[ASSIGNMENT]: Please reproduce every record exactly as written, leaving out the pictures.

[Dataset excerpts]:
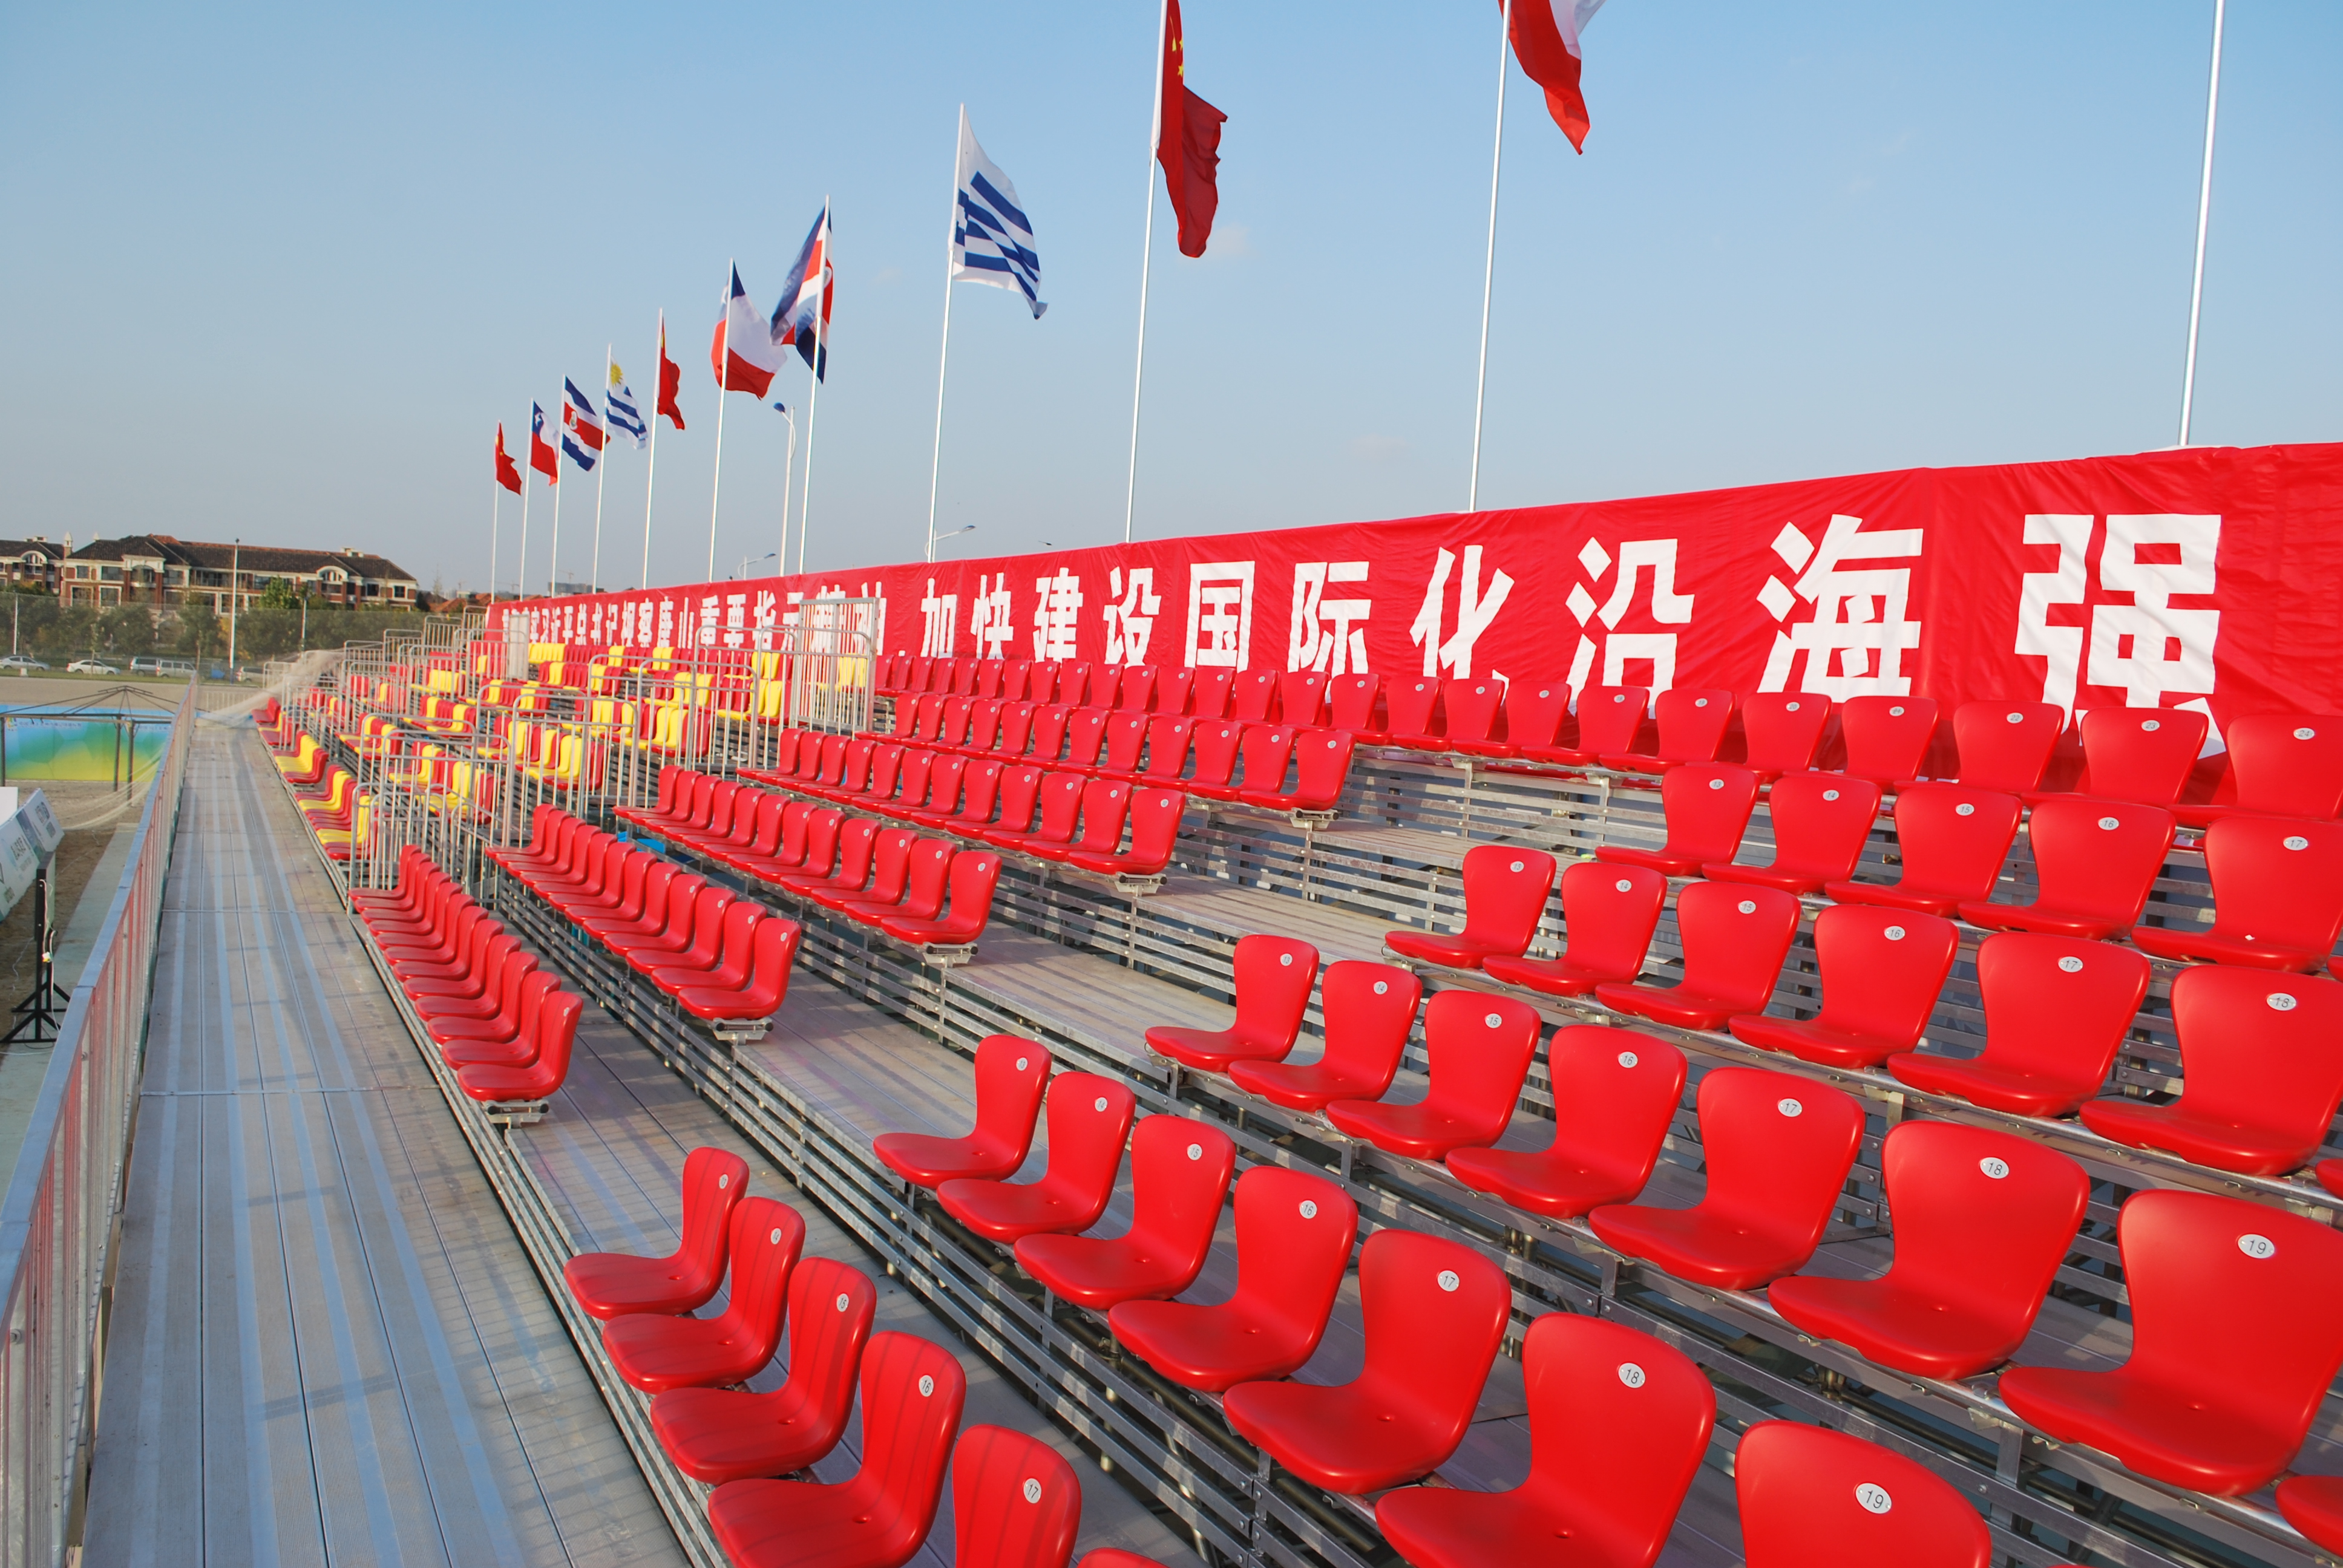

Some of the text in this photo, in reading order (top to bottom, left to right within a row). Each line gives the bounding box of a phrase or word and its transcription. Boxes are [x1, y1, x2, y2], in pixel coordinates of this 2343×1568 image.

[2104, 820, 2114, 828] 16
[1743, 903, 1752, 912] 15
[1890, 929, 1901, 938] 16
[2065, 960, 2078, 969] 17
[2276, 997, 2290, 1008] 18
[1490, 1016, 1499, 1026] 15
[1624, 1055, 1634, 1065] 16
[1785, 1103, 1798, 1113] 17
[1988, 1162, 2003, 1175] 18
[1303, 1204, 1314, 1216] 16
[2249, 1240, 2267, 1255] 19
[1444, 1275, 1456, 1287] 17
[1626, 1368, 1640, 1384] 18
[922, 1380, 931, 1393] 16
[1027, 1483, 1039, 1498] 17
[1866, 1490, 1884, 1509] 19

[ANSWER SPACE]:
Some of the text in this photo, in reading order (top to bottom, left to right within a row). Each line gives the bounding box of a phrase or word and its transcription. Boxes are [x1, y1, x2, y2], in pixel coordinates of this 2343×1568 image.

[2104, 820, 2114, 828] 16
[1743, 903, 1752, 912] 15
[1890, 929, 1901, 938] 16
[2065, 960, 2078, 969] 17
[2276, 997, 2290, 1008] 18
[1490, 1016, 1499, 1026] 15
[1624, 1055, 1634, 1065] 16
[1785, 1103, 1798, 1113] 17
[1988, 1162, 2003, 1175] 18
[1303, 1204, 1314, 1216] 16
[2249, 1240, 2267, 1255] 19
[1444, 1275, 1456, 1287] 17
[1626, 1368, 1640, 1384] 18
[922, 1380, 931, 1393] 16
[1027, 1483, 1039, 1498] 17
[1866, 1490, 1884, 1509] 19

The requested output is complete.